▶ _Exercise requirements_
Print every record below exactly, minus the pictures.

[Stored data entries]
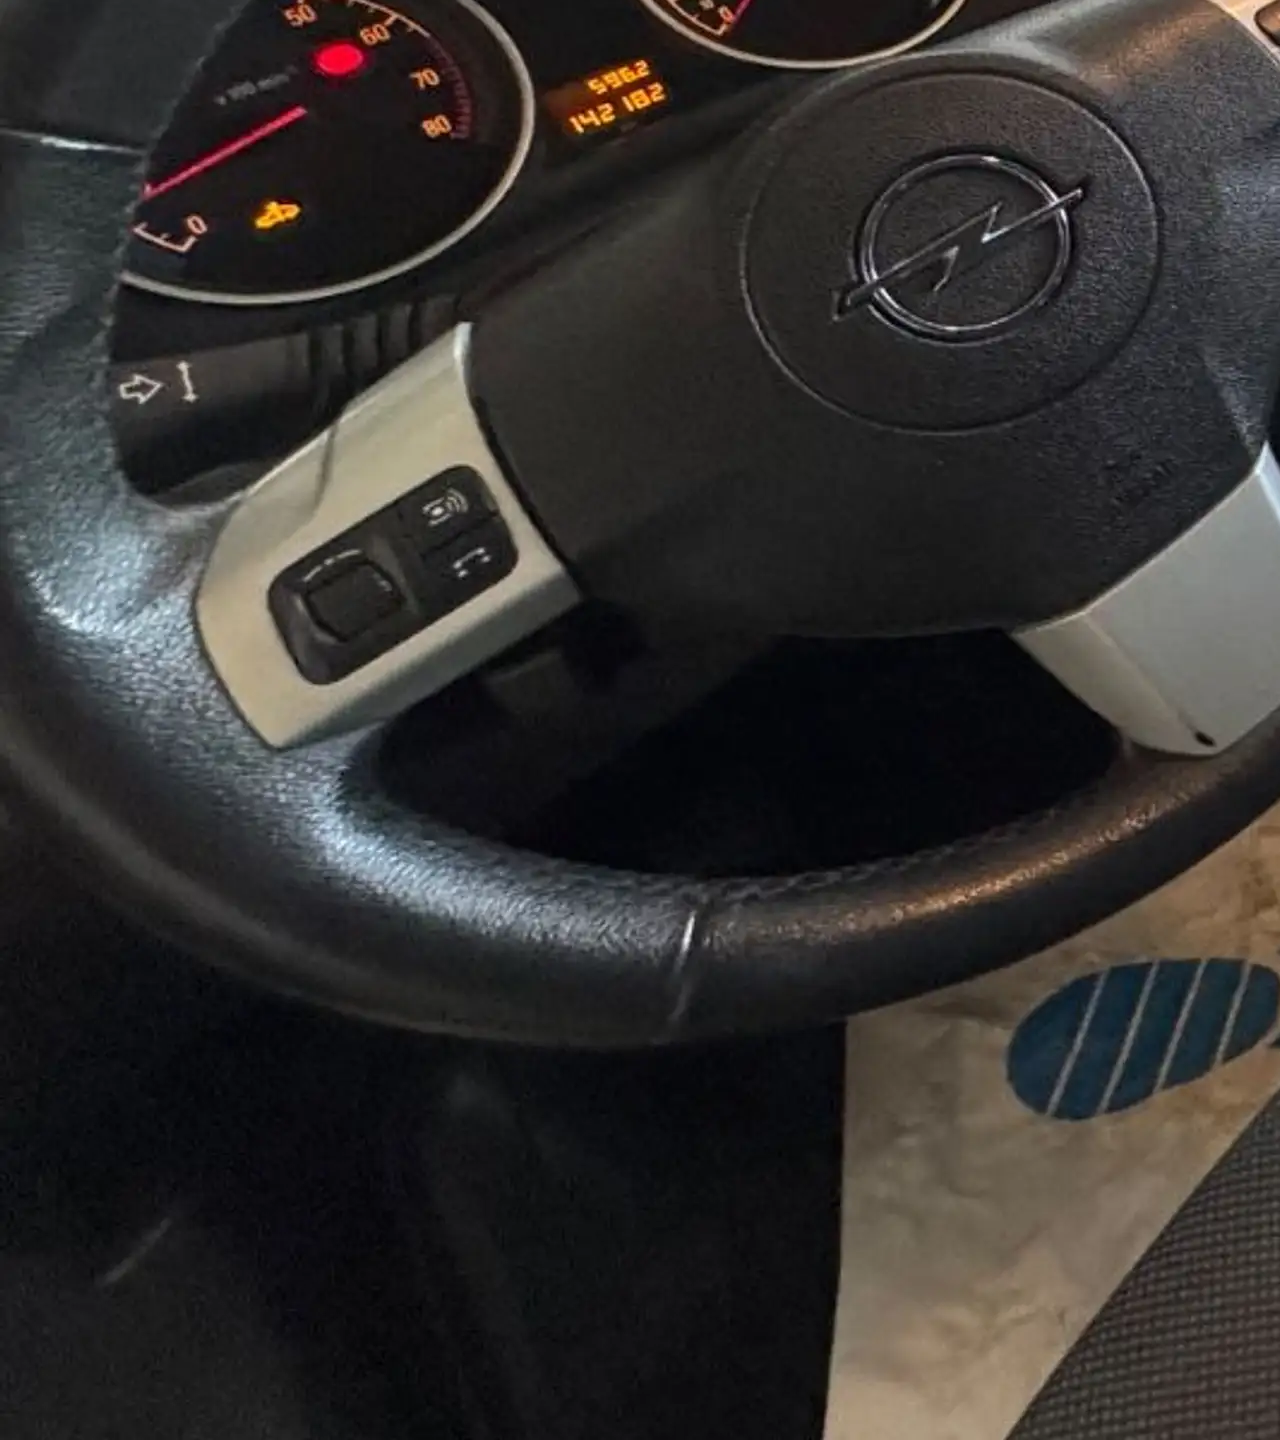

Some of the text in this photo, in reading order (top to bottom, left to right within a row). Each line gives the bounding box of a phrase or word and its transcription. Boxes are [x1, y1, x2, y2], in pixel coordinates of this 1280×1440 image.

[282, 3, 319, 28] 50
[359, 22, 392, 46] 60
[409, 66, 441, 91] 70
[568, 80, 666, 135] 142 182
[421, 113, 453, 139] 80
[185, 215, 209, 236] 0
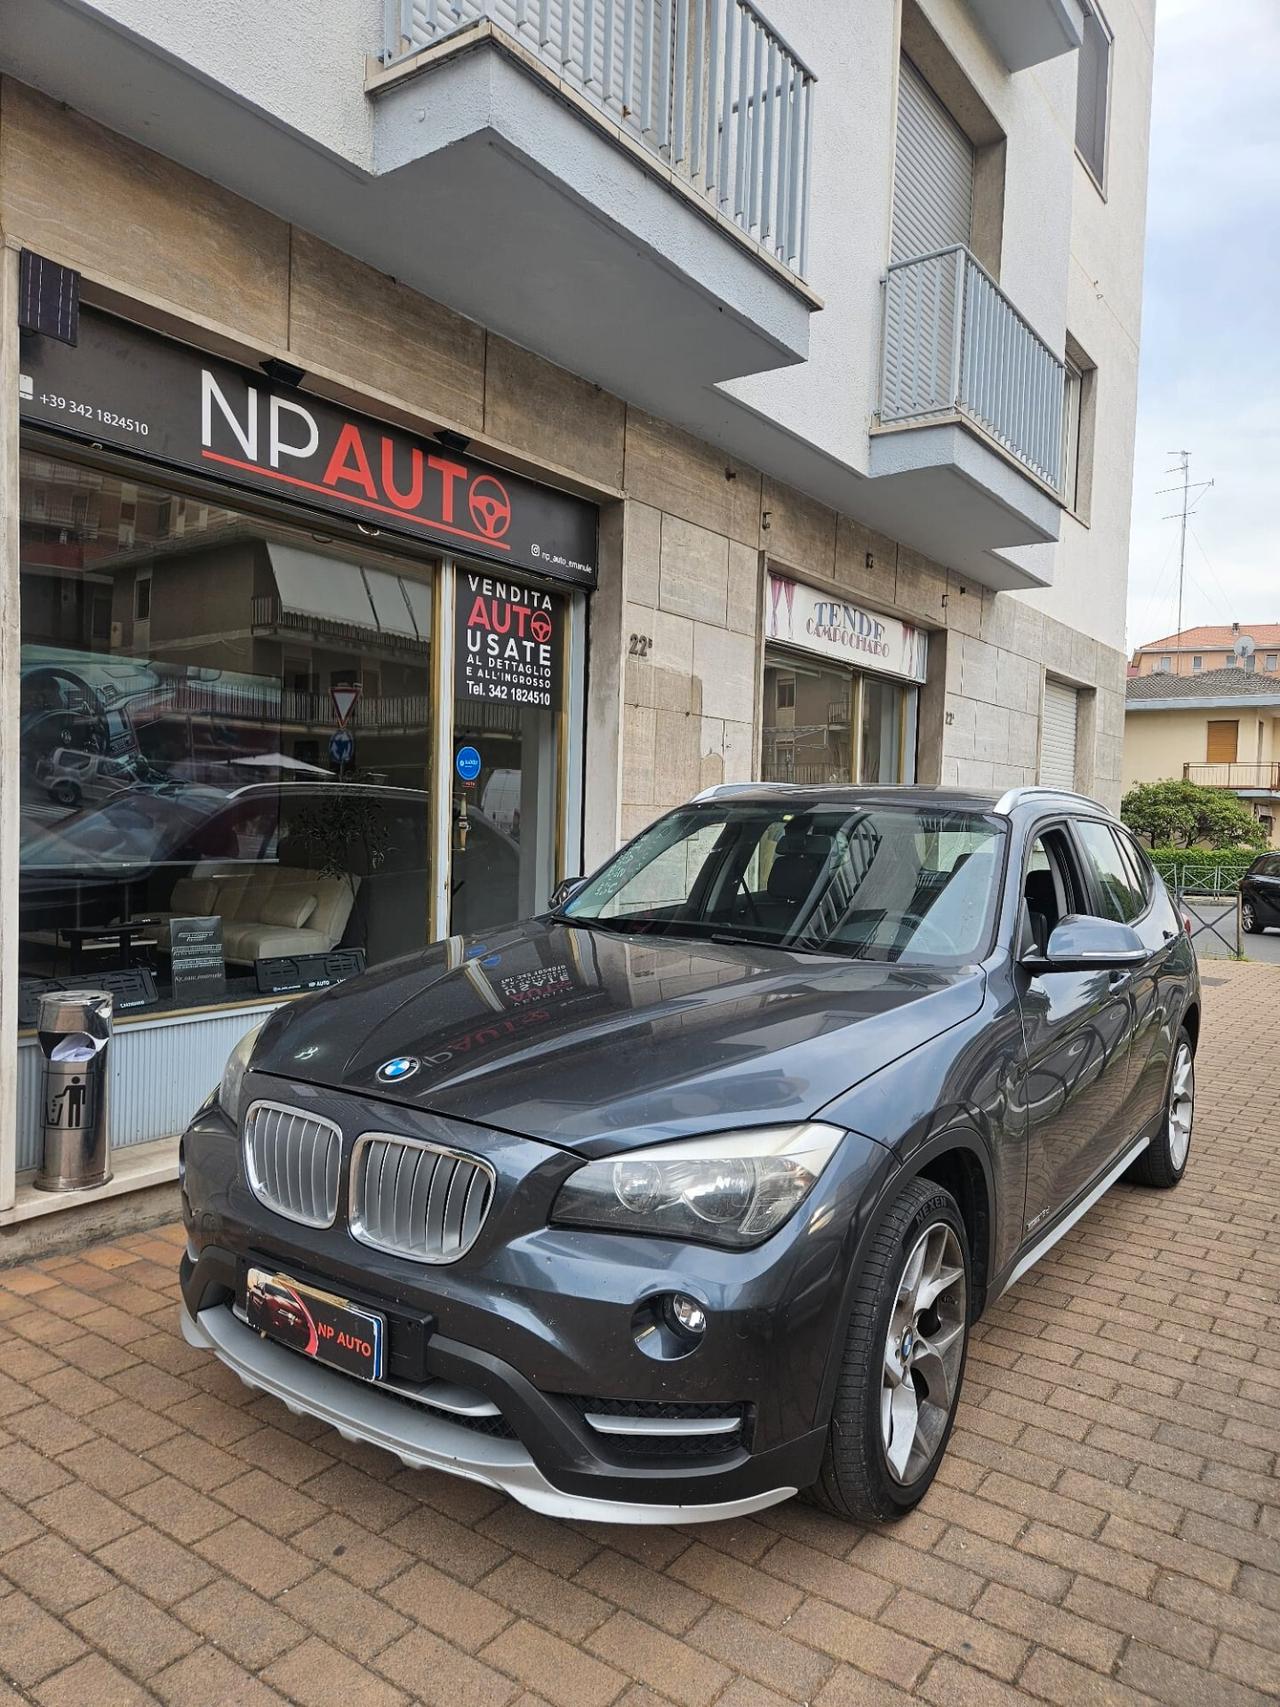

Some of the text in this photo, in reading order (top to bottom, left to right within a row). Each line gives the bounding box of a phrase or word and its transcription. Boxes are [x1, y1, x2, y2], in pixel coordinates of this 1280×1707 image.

[39, 393, 149, 436] +39 342 1824510
[467, 574, 553, 611] VENDITA
[467, 595, 552, 643] AUTO
[466, 653, 552, 678] AL DETTAGLIO
[467, 629, 552, 667] USATE
[465, 666, 552, 689] E ALL'INGROSSO
[466, 680, 551, 706] Tel. 342 1824510
[915, 1195, 948, 1224] NEXEN
[317, 1322, 372, 1358] NP AUTO
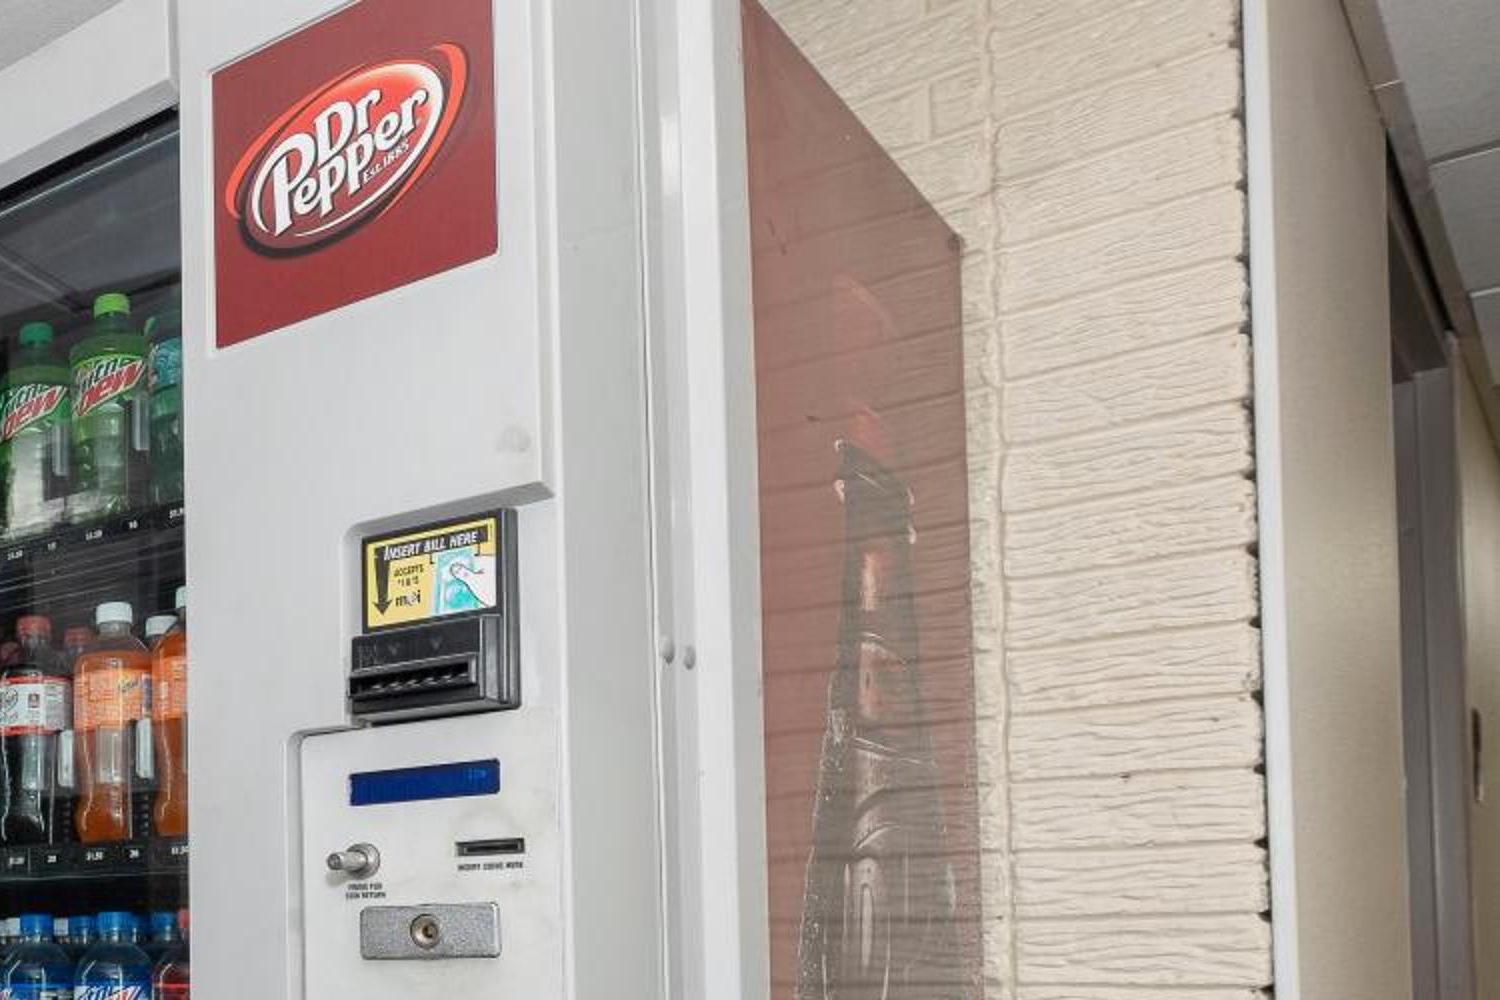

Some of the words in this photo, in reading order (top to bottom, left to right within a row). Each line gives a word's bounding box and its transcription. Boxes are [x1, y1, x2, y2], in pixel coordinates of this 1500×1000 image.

[252, 88, 429, 238] Pepper
[313, 88, 382, 168] Dr
[383, 541, 422, 561] INSERT

▶ _Solution_
Some of the text in this photo, in reading order (top to bottom, left to right within a row). Each line gives the bounding box of a phrase or word and its transcription. Boxes are [x1, y1, x2, y2], in pixel coordinates of this 1280×1440 image.

[282, 3, 319, 28] 50
[359, 22, 392, 46] 60
[409, 66, 441, 91] 70
[568, 80, 666, 135] 142 182
[421, 113, 453, 139] 80
[185, 215, 209, 236] 0

Some of the text in this photo, in reading order (top to bottom, left to right within a row). Each line gives the bounding box of a phrase or word and its transcription. Boxes are [x1, y1, x2, y2], in pixel coordinates of this 1280×1707 image.

[39, 393, 149, 436] +39 342 1824510
[467, 574, 553, 611] VENDITA
[467, 595, 552, 643] AUTO
[466, 653, 552, 678] AL DETTAGLIO
[467, 629, 552, 667] USATE
[465, 666, 552, 689] E ALL'INGROSSO
[466, 680, 551, 706] Tel. 342 1824510
[915, 1195, 948, 1224] NEXEN
[317, 1322, 372, 1358] NP AUTO

Some of the words in this photo, in reading order (top to bottom, left to right within a row). Each line gives a word's bounding box and its transcription. Boxes are [x1, y1, x2, y2], in pixel coordinates of this 1500×1000 image.

[252, 88, 429, 238] Pepper
[313, 88, 382, 168] Dr
[383, 541, 422, 561] INSERT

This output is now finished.